Great News! Housing First!

A Positive Step, and the Work That Must Follow

Just as I was writing about the attack on American family homeownership, Donald Trump announced plans to limit equity firms from buying up American homes. A huge surprise as Trump, Obama, and Biden have all supported the creation of the International Equity firms buying up American homes. That being said…

This is a positive development  and it deserves to be recognized as such.

The economic health of the American family is the single most important indicator of the health of the American economy. When families are struggling to afford housing, food, and stability, the economy is not strong no matter what the stock market says. We cannot keep people trapped in a permanent state of economic vulnerability and still call it prosperity.

For years, large equity firms have been targeting starter homes:

  • Outbidding families with cash
  • Driving prices higher and higher
  • Turning ownership into permanent rent

That pressure didn’t stop at housing.

As housing costs exploded:

  • Families had less money for food
  • More people were forced onto SNAP
  • Social Security was stretched thinner
  • The idea of a “living wage” became impossible

You cannot have a healthy economy when housing eats everything.
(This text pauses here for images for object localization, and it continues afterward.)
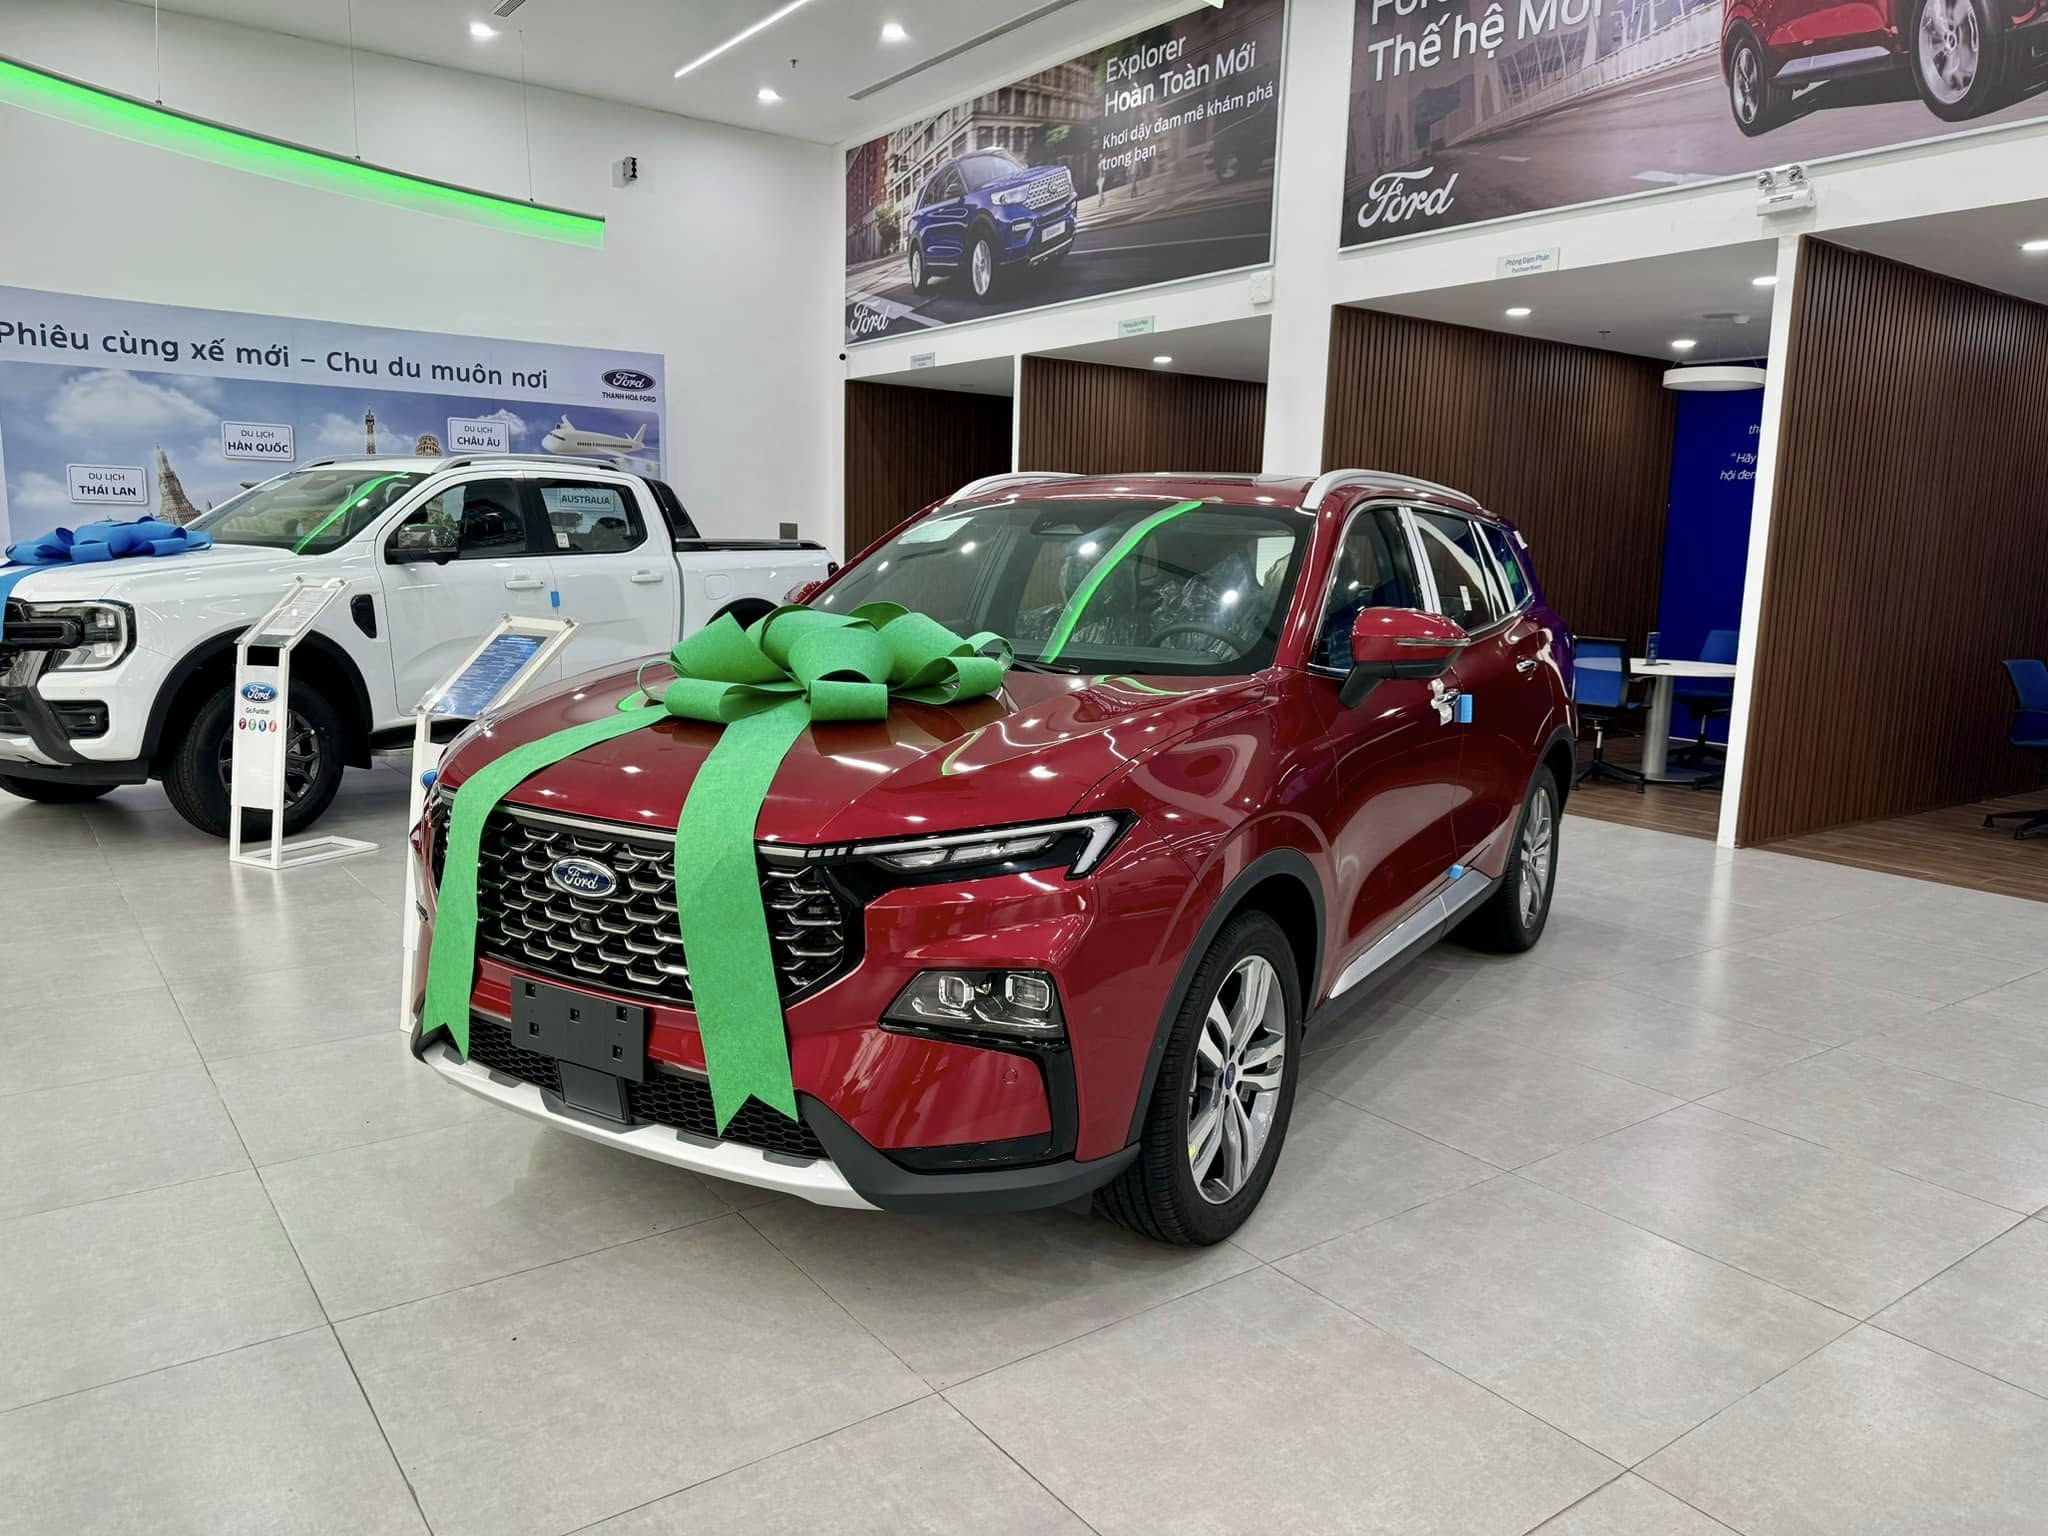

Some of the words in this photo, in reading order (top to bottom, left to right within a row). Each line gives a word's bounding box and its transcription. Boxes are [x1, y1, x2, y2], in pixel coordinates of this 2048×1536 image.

[1368, 12, 1450, 81] Thế
[1452, 3, 1505, 59] hệ
[1106, 35, 1186, 82] Explorer
[1104, 82, 1154, 117] Hoàn
[1159, 62, 1209, 97] Toàn
[1215, 41, 1256, 80] Mới
[1130, 123, 1152, 141] dậy
[1154, 115, 1181, 134] đam
[1184, 105, 1204, 124] mê
[1206, 94, 1243, 117] khám
[1246, 81, 1273, 108] phá
[1101, 149, 1132, 170] trong
[1134, 144, 1156, 162] bạn
[1358, 166, 1459, 228] Ford
[850, 300, 890, 335] Ford
[0, 321, 89, 350] Phiêu
[102, 330, 179, 362] cùng
[191, 338, 226, 362] xế
[236, 344, 289, 368] mới
[327, 351, 377, 375] Chu
[388, 356, 421, 379] du
[431, 363, 502, 386] muôn
[512, 369, 548, 389] nơi
[612, 372, 645, 388] Ford
[601, 391, 625, 400] THANH
[464, 425, 475, 433] DU
[228, 440, 253, 451] HÀN
[256, 441, 289, 454] QUỐC
[457, 435, 484, 447] CHÂU
[487, 437, 500, 447] ÂU
[88, 472, 102, 480] DU
[105, 473, 125, 482] LỊCH
[79, 484, 108, 496] THÁI
[113, 486, 136, 496] LAN
[561, 495, 610, 505] AUSTRALIA
[247, 685, 272, 700] Ford
[564, 865, 599, 889] Ford
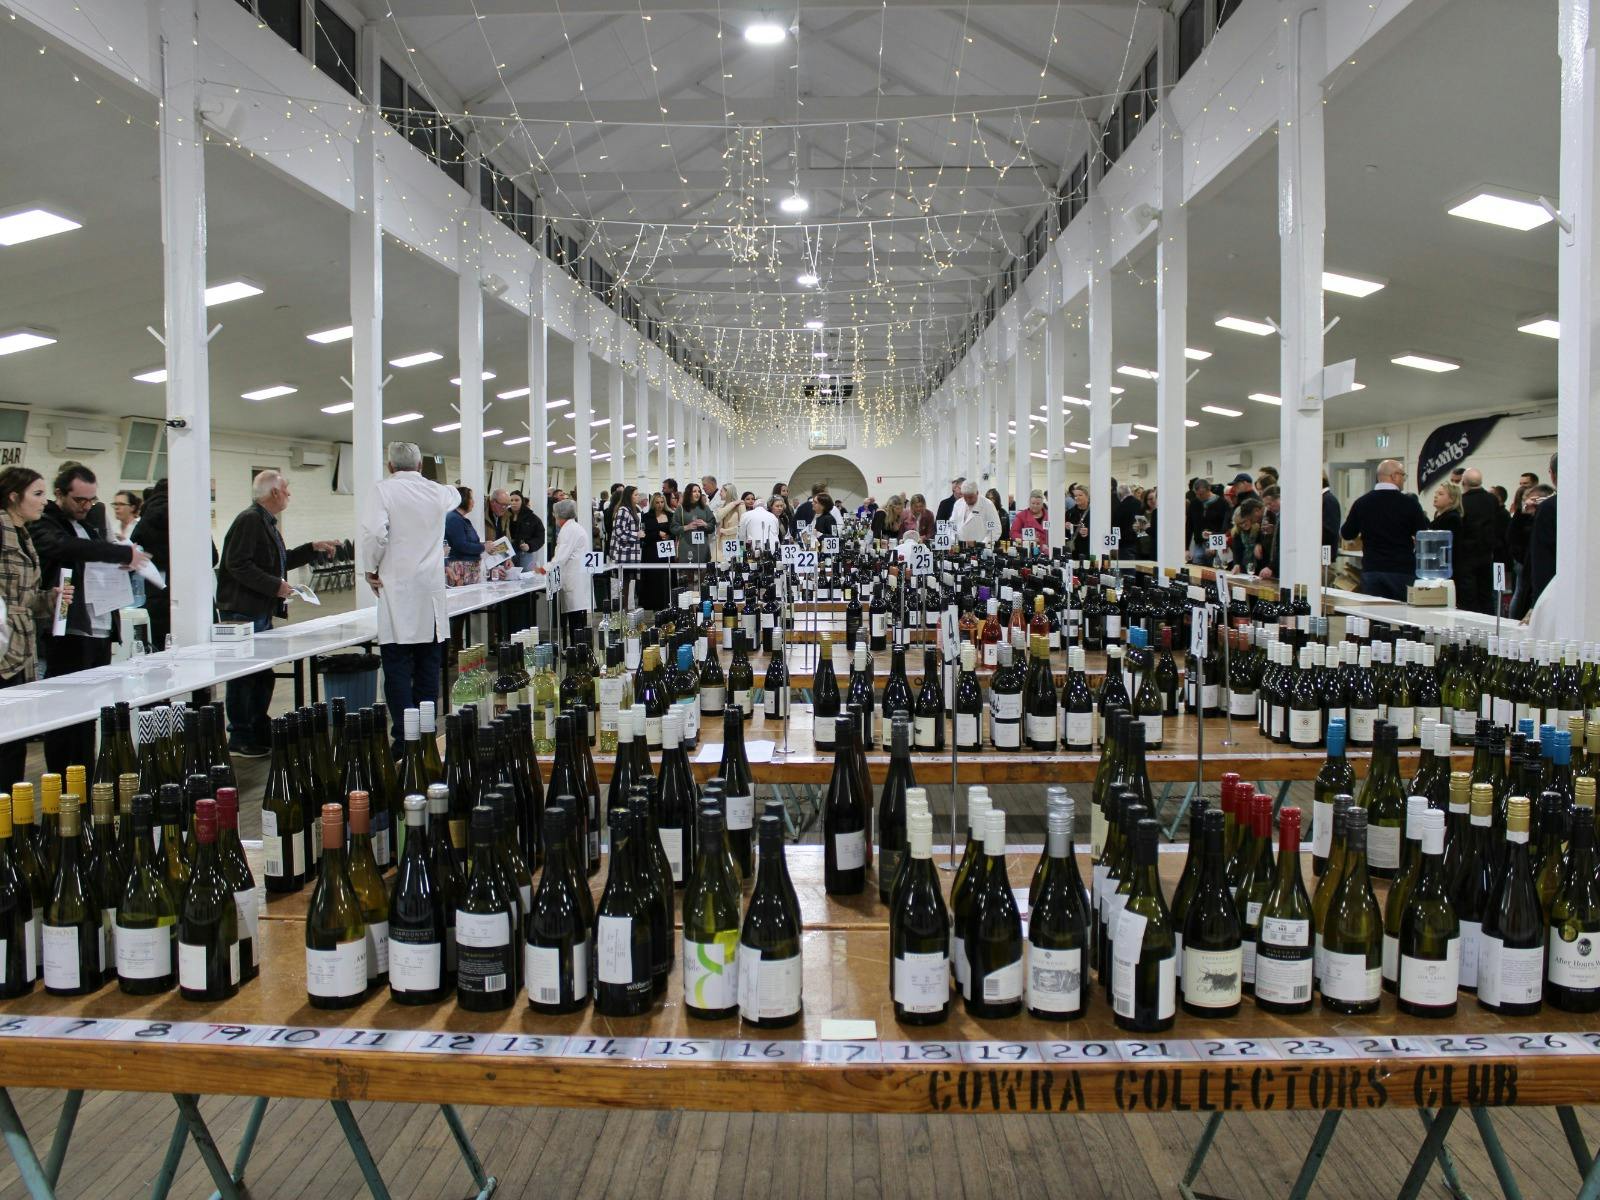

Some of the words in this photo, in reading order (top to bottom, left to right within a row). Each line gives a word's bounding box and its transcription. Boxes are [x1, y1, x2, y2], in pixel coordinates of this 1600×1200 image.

So absolutely yes, limiting equity firms is the right direction.

But if we stop there, it won’t be enough.

What Must Come Next 

If we are serious about protecting American families, the policy must go further, and it must be designed so it cannot be gamed.

1. Liquidate Large Housing Equity Firms’ Home Stock

Equity firms distort the market.

We must:

  • Require large housing investment firms to sell off their single-family home inventories
  • Phase it over time to avoid chaos
  • Prioritize sales to owner-occupants, not other investors

Homes taken off the market by Wall Street need to be returned to families.
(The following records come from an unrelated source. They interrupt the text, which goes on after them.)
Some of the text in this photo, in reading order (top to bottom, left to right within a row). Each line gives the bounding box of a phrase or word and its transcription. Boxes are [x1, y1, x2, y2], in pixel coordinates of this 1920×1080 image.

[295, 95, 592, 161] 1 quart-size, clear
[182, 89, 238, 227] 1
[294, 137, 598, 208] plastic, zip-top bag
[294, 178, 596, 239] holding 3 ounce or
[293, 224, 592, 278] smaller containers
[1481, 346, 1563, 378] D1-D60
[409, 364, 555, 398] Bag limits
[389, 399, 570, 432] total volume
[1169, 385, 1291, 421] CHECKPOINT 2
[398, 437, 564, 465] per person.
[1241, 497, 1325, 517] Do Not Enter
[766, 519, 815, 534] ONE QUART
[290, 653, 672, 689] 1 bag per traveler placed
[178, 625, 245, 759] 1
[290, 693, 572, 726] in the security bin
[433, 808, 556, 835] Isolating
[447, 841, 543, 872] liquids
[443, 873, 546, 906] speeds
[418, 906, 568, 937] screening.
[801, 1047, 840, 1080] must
2. Limit How Many Homes One Family Can Own

Homeownership should be for living, not hoarding.

A reasonable rule:

  • Limit ownership to 3–4 homes per household
  • Allow exemptions for:
    • Buying homes for children or elderly parents
    • Temporary hardship situations

Protect families while stopping accumulation that turns housing into a monopoly.

3. Block Corporate Workarounds and LLC Shell Games

Rules don’t work if they can be bypassed with paperwork.

We must:

  • Prohibit umbrella corporations from nesting dozens of LLCs underneath them
  • Treat affiliated entities as one owner
  • Require full transparency on beneficial ownership

If one company controls 500 homes through 100 LLCs, that’s still one company.

4. Give Owner-Occupants First Access, Always

Before investors get a chance, families should.

A simple, fair rule:

  • Homes must be on the market for at least 3 months
  • During that time, sales are restricted to owner-occupied buyers
  • Only after that window can non-occupant buyers bid

Think of it like a church picnic:

You make sure everyone gets a plate before anyone goes back for seconds.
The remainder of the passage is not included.